How does it work for home buyers?
The buyer pays 20% of the total cost upfront and the bank disburses the entire loan to the builder through the individual. The builder agrees to pay interest on the borrower's loan during construction. Once the home buyer takes possession, he will have to pay the interest. More often than not, this interest rate will be higher than the market rate. The buyer ends up paying a `price' for opting the scheme early.

How will the builder use the money?
The builder finances the project with the loan, and agrees to pay interest on behalf of the borrower. Builders get loans at 10.5%-11% against the 20-30% that other sources such as private equity investors and financiers would charge them.

Were home buyers really benefiting?
Sandeep Sadh, CEO at Mumbai property exchange portal, said developers used to get the total flat cost from buyers and banks, even though the project was not completed. "Buyers were paying the full EMI even though they had not got possession. It was a faulty scheme where buyers and banks were exploited by developers."

Why did RBI raise a red flag?
In September 2013, RBI said in a circular: "In view of the higher risks associated with such lump-sum disbursal of sanctioned housing loans and customer suitability issues, banks are advised that disbursal of housing loans sanctioned to individuals should be closely linked to the stages of construction of housing project/houses…" The central bank also said that upfront disbursal "should not be made in cases of incomplete/under-construction/green field housing projects."
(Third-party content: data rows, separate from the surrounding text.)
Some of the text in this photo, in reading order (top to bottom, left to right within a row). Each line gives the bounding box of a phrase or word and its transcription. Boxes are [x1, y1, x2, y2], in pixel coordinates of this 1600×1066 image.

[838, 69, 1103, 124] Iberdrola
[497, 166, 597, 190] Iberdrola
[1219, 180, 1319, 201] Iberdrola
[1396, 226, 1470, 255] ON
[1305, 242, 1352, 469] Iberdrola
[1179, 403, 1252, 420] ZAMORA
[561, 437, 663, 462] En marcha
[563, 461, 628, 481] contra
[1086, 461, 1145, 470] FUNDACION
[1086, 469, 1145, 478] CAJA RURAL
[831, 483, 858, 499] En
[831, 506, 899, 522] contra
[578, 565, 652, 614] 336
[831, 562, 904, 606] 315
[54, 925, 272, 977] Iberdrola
Were there other concerns?
RBI wanted banks and home buyers to be wary of such schemes as a default by the builder could affect the credit profile of the borrower and expose the banks to higher bad loans and possible diversion of funds.
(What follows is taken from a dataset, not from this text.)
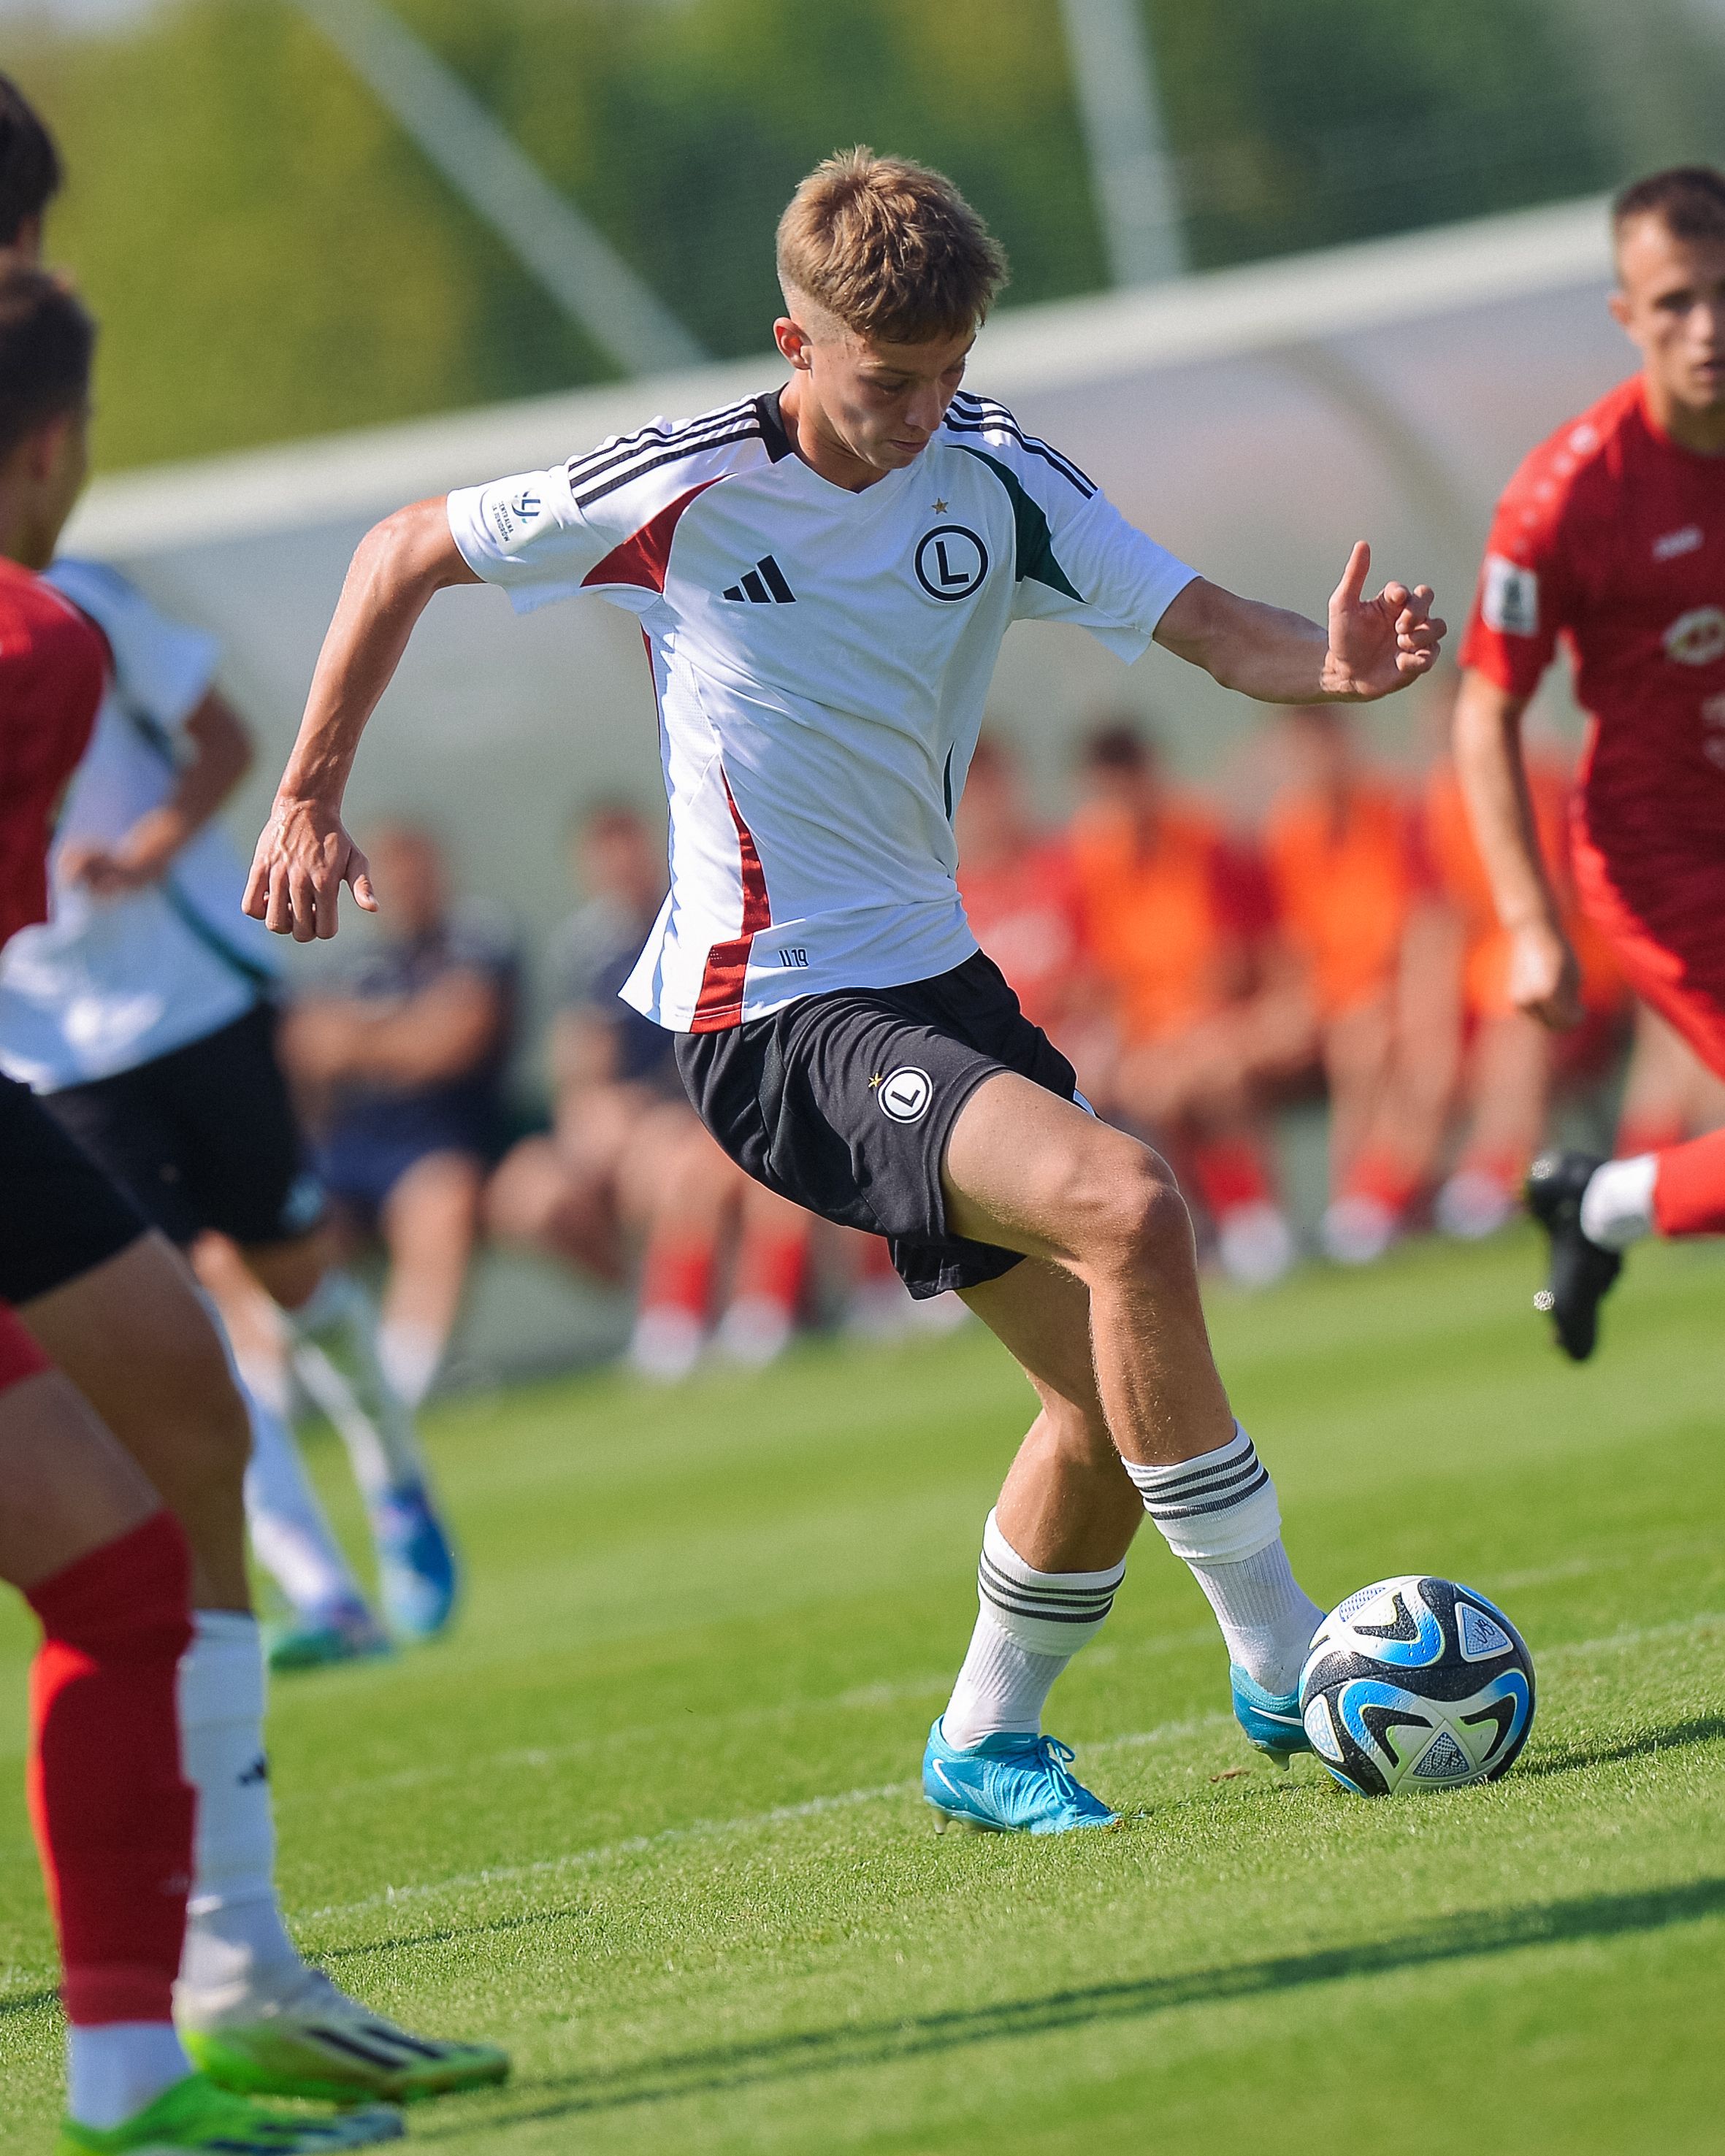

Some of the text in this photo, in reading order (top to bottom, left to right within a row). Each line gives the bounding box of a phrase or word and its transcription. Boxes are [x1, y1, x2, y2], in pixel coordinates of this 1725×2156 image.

Why do banks fund such schemes?
A senior IDBI official told dna, "We are funding real-estate projects, especially residential ones. But we disburse the money only on completion of construction. So the construction has to be completed by the builder's equity and then we finance him." A senior official from Axis Bank said, "We lend to real- estate projects, but we really have to examine if it is under any special scheme or not."

What do builders say?
Builders say these schemes are very much in demand in the market. Vijay Wadhwa, chairman at Wadhwa Group, told dna that, earlier, banks had stopped releasing loans because developers could not either execute or complete projects due to the absence of various government approvals. "Now, banks are checking the approvals before offering the loan. Only a few developers who have completed the formalities get the loan."